The Augusta National Golf Club admitted two female members last year but Muirfield, which will host the 2013 Open, is still a male-only organisation — ‘although ladies can play as guests or visitors every day of the week’. There is also a ‘small’ ladies’ locker room. How thoughtful of them.

‘Some courses will always have that old school tradition,’ said Booth. ‘But Augusta even had two lady members, so I’m sure they will change.

‘It’s not just Muirfield. Lots of places have separate male and female clubhouses. I don’t see why. It just isn’t right.’

There are ladies-only clubs as well, of course, but they will not host one of the greatest tournaments in sport. That is why we should get our knickers in a twist over this one: not because it’s the whim of a private club or because male golfers particularly care, but because it suggests, once again, that sportswomen are second-class citizens.

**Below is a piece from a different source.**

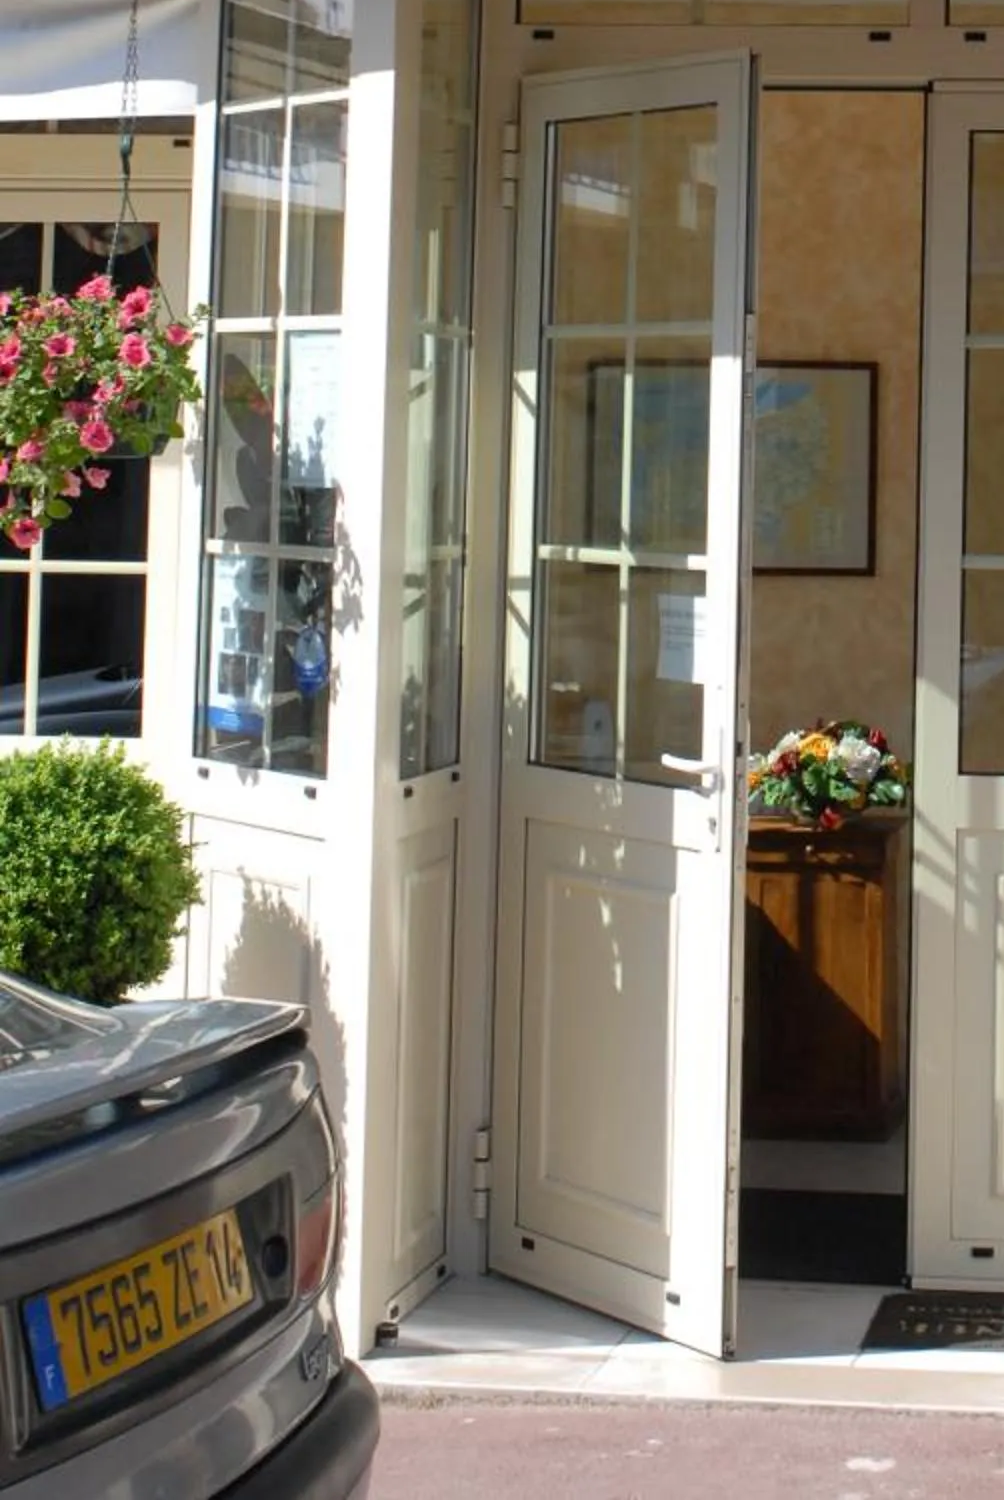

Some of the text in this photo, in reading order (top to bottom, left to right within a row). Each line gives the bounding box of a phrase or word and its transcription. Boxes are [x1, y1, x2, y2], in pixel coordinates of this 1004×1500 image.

It’s against this backdrop that Booth took up the game, looking up to Annika Sorenstam but immersing herself in the men’s game and playing, even as a junior, with men ‘because there weren’t any girls to play with’. Things, however, are improving all the time.

‘The ladies’ game is definitely developing,’ says Booth. ‘There are so many lady golfers now. It’s things like how we dress; trying to get out there.

‘We want as much support as we can in the future so hopefully we can have more sponsorship, tournaments and money.’

Mission: Booth hopes to help bring an end to the male dominance of golf

Mission: Booth hopes to help bring an end to the male dominance of golf

Wait a minute: ‘How we dress’ Booth
is a beautiful young woman and I understand her desire to wear what she
wants to work (Ian Poulter has made a very nice sideline out of it), but
the phrase instantly jarred. Why should that matter ‘I make an effort
to look nice,’ she replies. ‘Match your shoes with your earrings,
something like that. You dress nice, you putt nice.

‘It all helps to make it more appealing. It might help to get more younger girls involved in the game, too.’

More appealing to whom, I wonder. Sex sells, but it does not always lead to a long-term commitment. Saying female athletes must be ‘feminine’ — in the stereotypical sense of the word — is a dangerous game.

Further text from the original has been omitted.